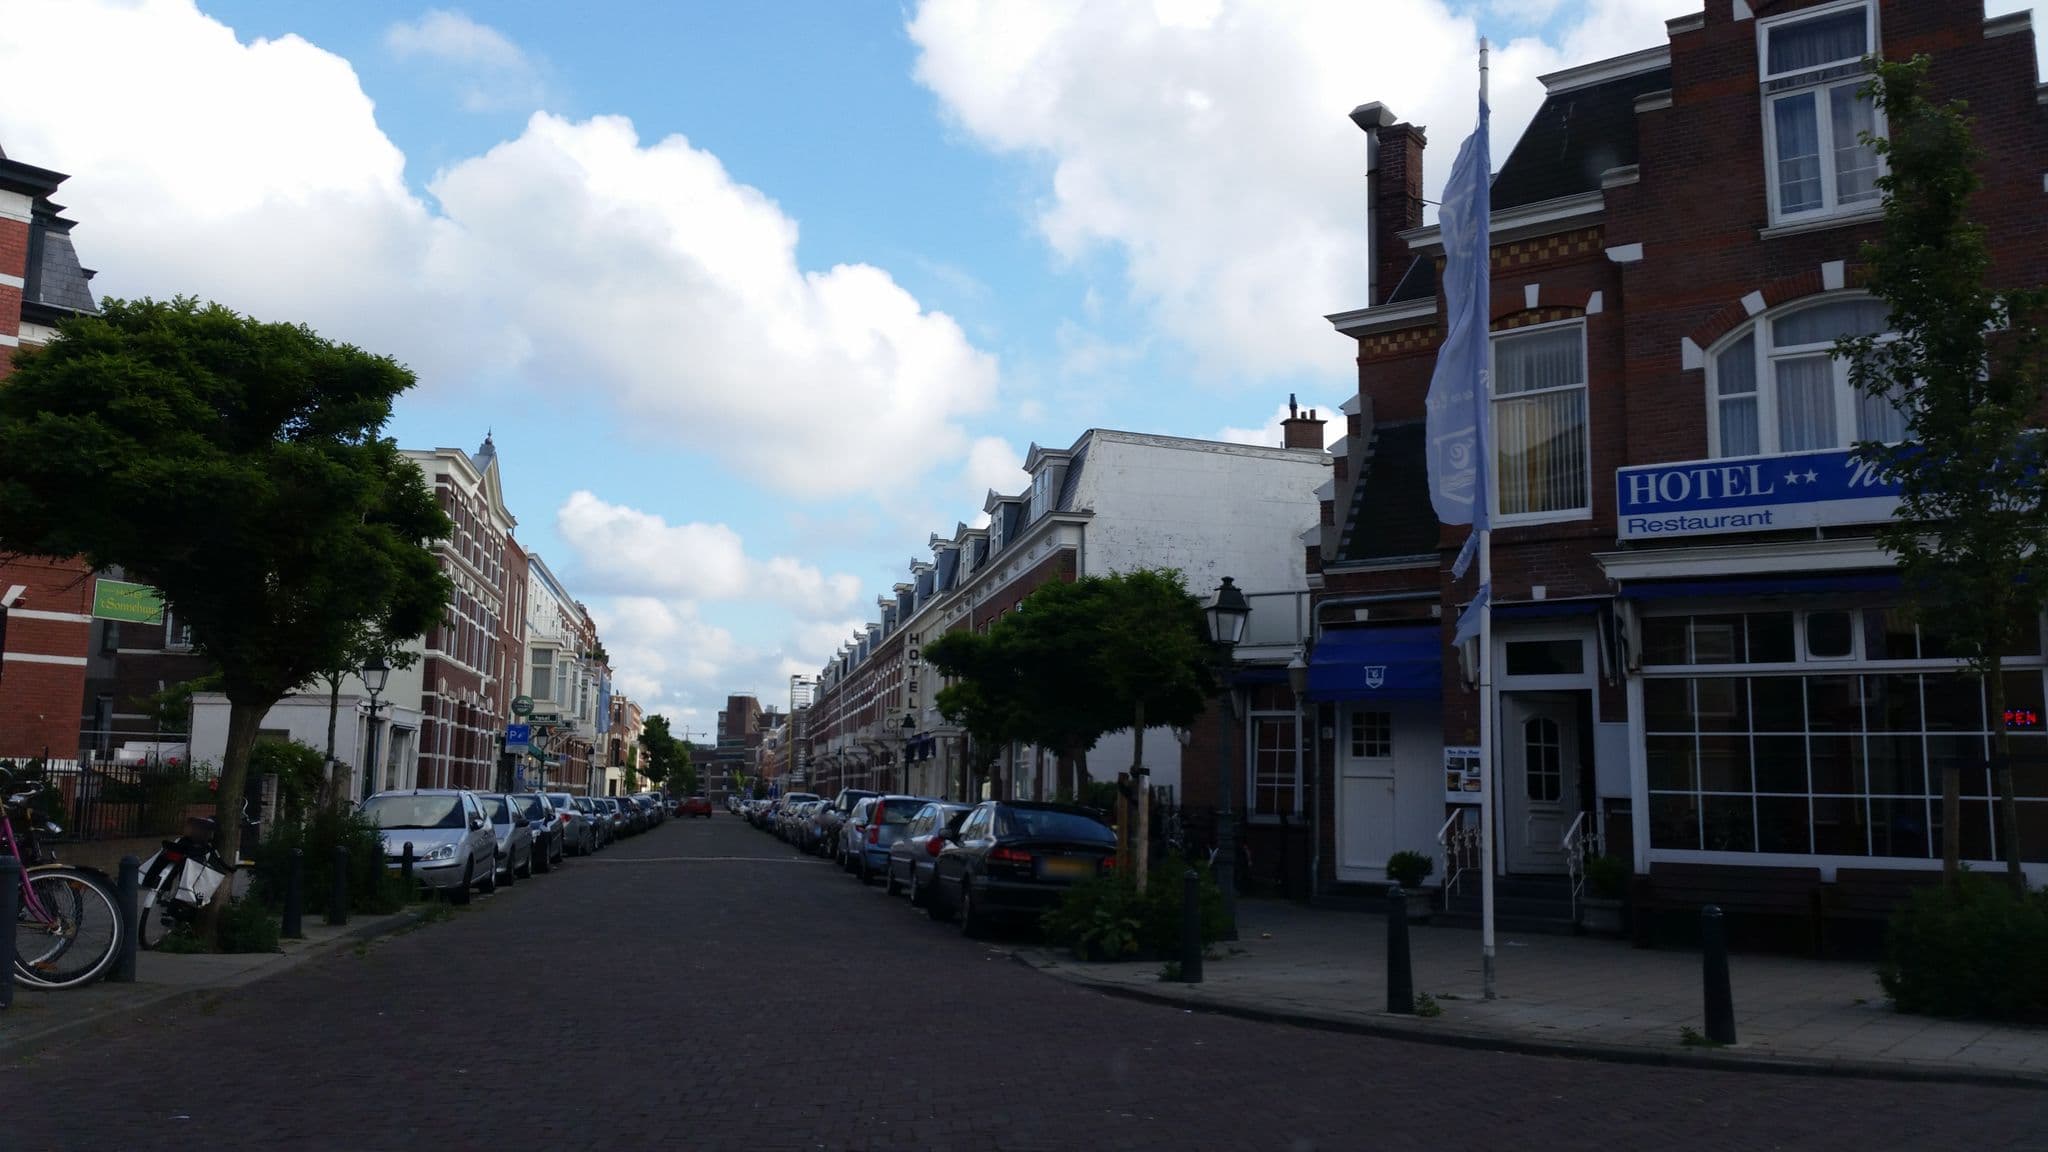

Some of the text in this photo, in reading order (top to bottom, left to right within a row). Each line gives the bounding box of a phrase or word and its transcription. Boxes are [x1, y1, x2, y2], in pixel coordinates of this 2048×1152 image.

[1628, 464, 1775, 506] HOTEL
[1628, 509, 1773, 535] Restaurant
[909, 633, 920, 709] HOTEL
[2003, 710, 2038, 726] PEN

****************************************

▸ Task directions:
Your task is an exact printout of the records above, with no pictures.

▸ Solution for this exercise:
Some of the text in this photo, in reading order (top to bottom, left to right within a row). Each line gives the bounding box of a phrase or word and its transcription. Boxes are [x1, y1, x2, y2], in pixel coordinates of this 2048×1152 image.

[1628, 464, 1775, 506] HOTEL
[1628, 509, 1773, 535] Restaurant
[909, 633, 920, 709] HOTEL
[2003, 710, 2038, 726] PEN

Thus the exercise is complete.